> [Problem statement] Skip the pictures. Return exactly the lines from the one containing "Some of the words" through the end of the entries below.

[Collection entries]
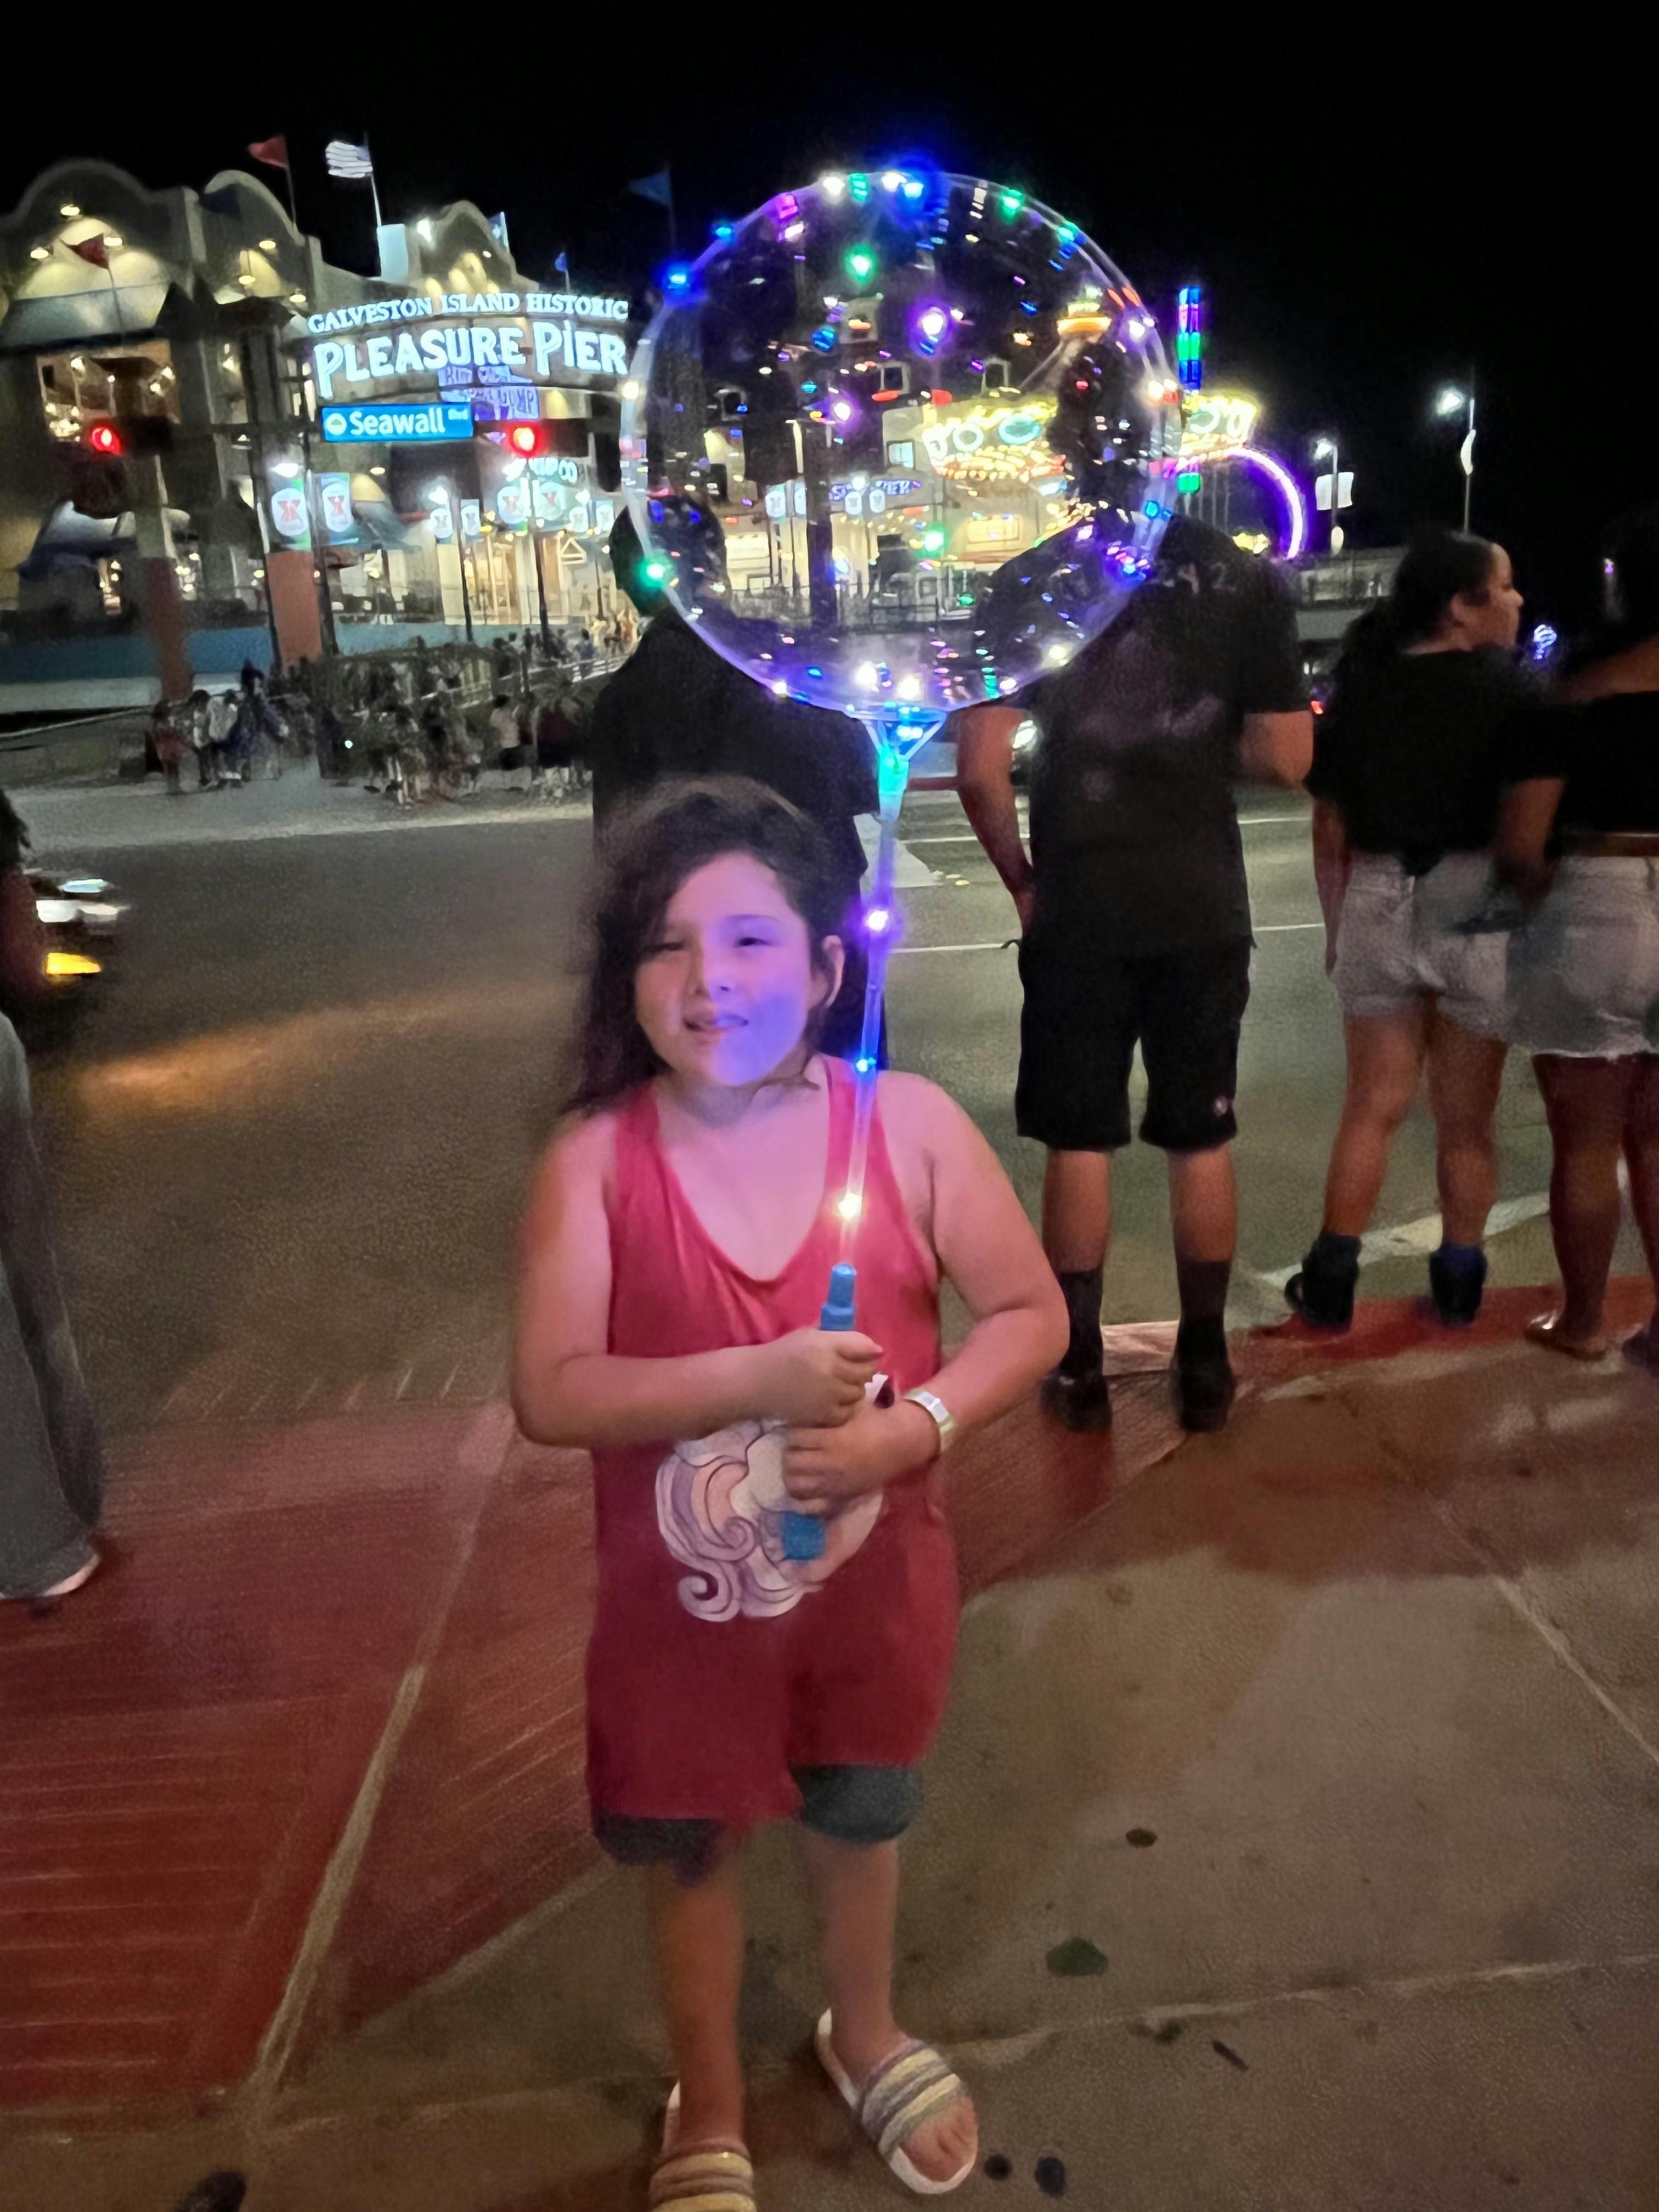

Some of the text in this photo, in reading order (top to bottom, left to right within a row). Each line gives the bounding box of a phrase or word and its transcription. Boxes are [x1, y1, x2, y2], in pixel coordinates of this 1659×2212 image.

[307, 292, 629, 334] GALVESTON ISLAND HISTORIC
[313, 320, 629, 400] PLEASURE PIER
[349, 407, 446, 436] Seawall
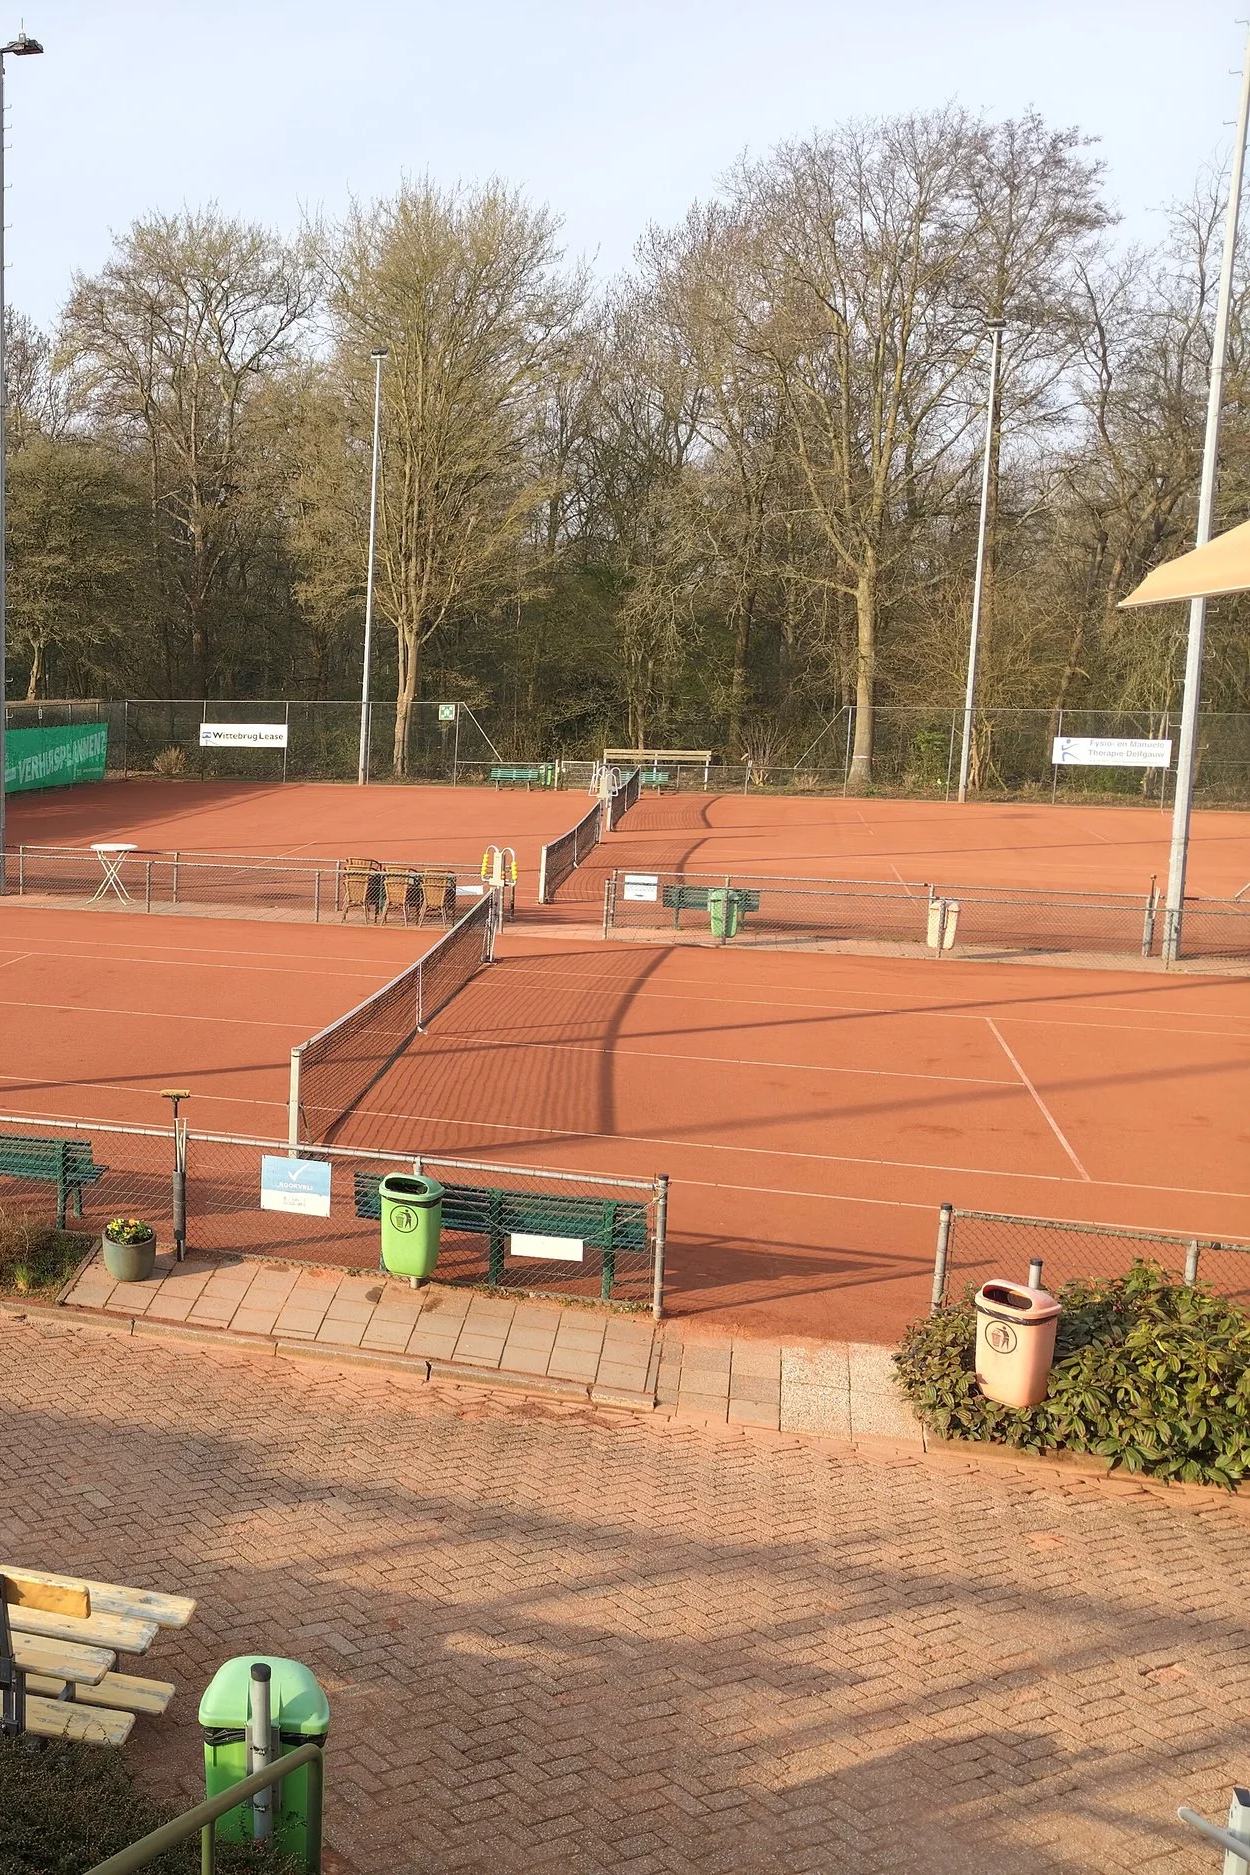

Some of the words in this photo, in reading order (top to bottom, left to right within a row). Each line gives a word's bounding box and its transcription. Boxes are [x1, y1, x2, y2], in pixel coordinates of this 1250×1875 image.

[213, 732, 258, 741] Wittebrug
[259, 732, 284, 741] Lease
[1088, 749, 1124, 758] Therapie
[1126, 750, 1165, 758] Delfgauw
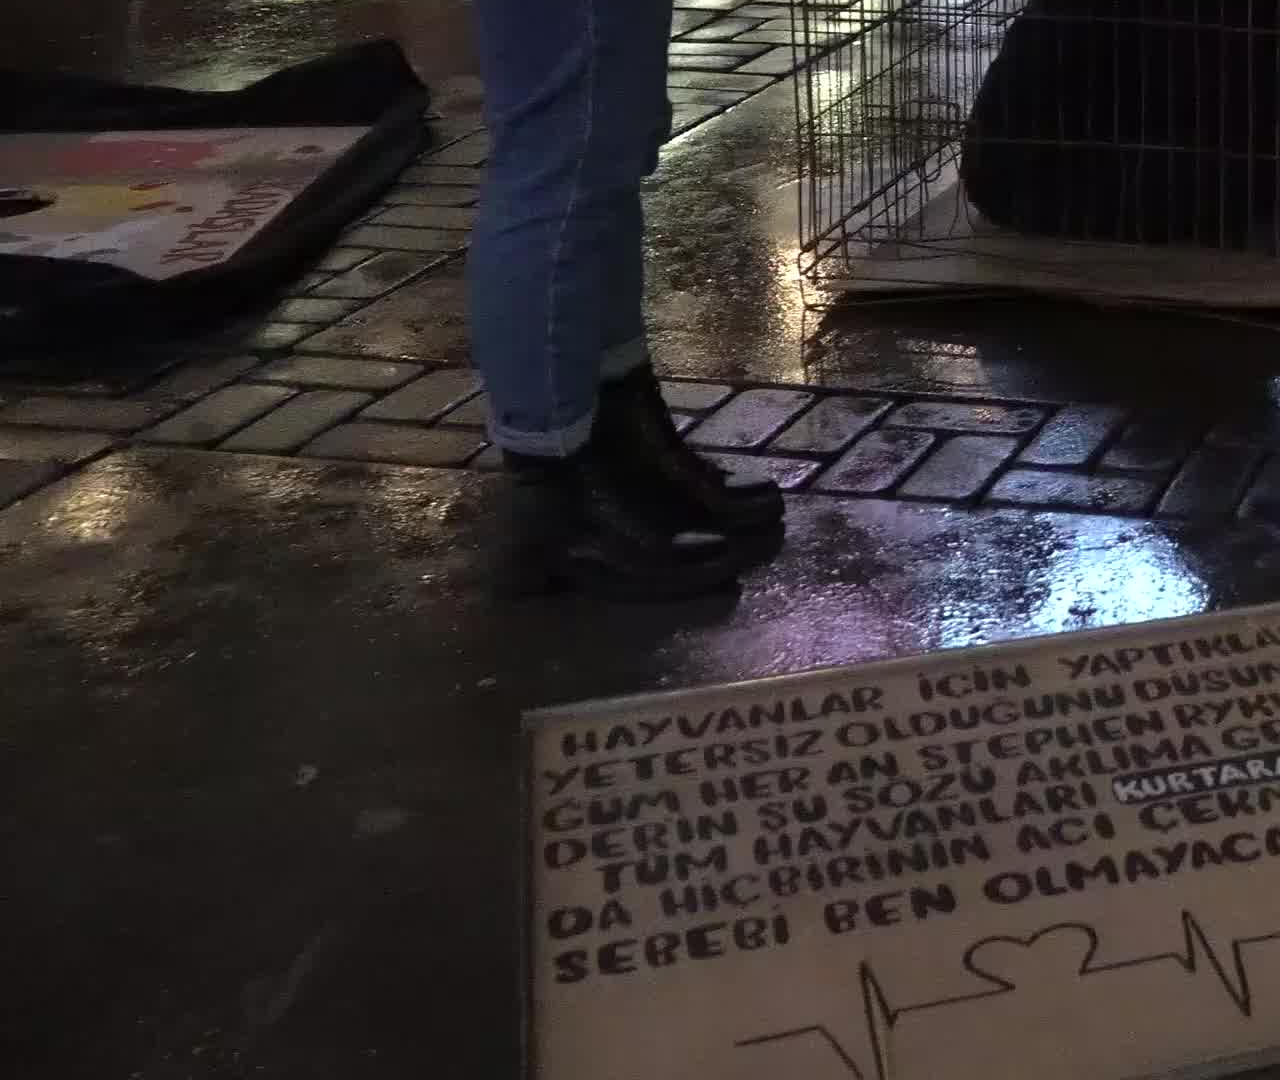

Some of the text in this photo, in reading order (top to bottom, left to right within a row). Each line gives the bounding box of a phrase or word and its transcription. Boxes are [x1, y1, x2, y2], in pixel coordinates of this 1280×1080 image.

> [Written response]
Some of the words in this photo, in reading order (top to bottom, left to right within a row). Each line gives a word's bounding box and its transcription. Boxes are [x1, y1, x2, y2], in pixel coordinates of this 1250×1875 image.

[213, 732, 258, 741] Wittebrug
[259, 732, 284, 741] Lease
[1088, 749, 1124, 758] Therapie
[1126, 750, 1165, 758] Delfgauw

Some of the text in this photo, in reading order (top to bottom, left to right within a row). Each line gives the bounding box of a phrase or word and its transcription. Boxes are [x1, y1, x2, y2], in pixel coordinates of this 1280×1080 image.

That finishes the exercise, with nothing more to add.